--- Exercise inputs Enclosed Below ---
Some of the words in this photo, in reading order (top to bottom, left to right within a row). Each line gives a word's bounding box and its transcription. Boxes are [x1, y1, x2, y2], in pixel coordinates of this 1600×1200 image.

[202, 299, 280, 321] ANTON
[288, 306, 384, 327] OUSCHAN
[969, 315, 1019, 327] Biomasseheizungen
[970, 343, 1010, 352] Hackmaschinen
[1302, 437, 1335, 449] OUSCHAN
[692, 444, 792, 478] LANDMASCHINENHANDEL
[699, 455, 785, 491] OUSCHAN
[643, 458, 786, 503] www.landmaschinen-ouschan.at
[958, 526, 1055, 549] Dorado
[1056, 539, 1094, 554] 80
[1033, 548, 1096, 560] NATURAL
--- End of Enclosed Exercise inputs ---
Exact copies of all the entries above are required.

Some of the words in this photo, in reading order (top to bottom, left to right within a row). Each line gives a word's bounding box and its transcription. Boxes are [x1, y1, x2, y2], in pixel coordinates of this 1600×1200 image.

[202, 299, 280, 321] ANTON
[288, 306, 384, 327] OUSCHAN
[969, 315, 1019, 327] Biomasseheizungen
[970, 343, 1010, 352] Hackmaschinen
[1302, 437, 1335, 449] OUSCHAN
[692, 444, 792, 478] LANDMASCHINENHANDEL
[699, 455, 785, 491] OUSCHAN
[643, 458, 786, 503] www.landmaschinen-ouschan.at
[958, 526, 1055, 549] Dorado
[1056, 539, 1094, 554] 80
[1033, 548, 1096, 560] NATURAL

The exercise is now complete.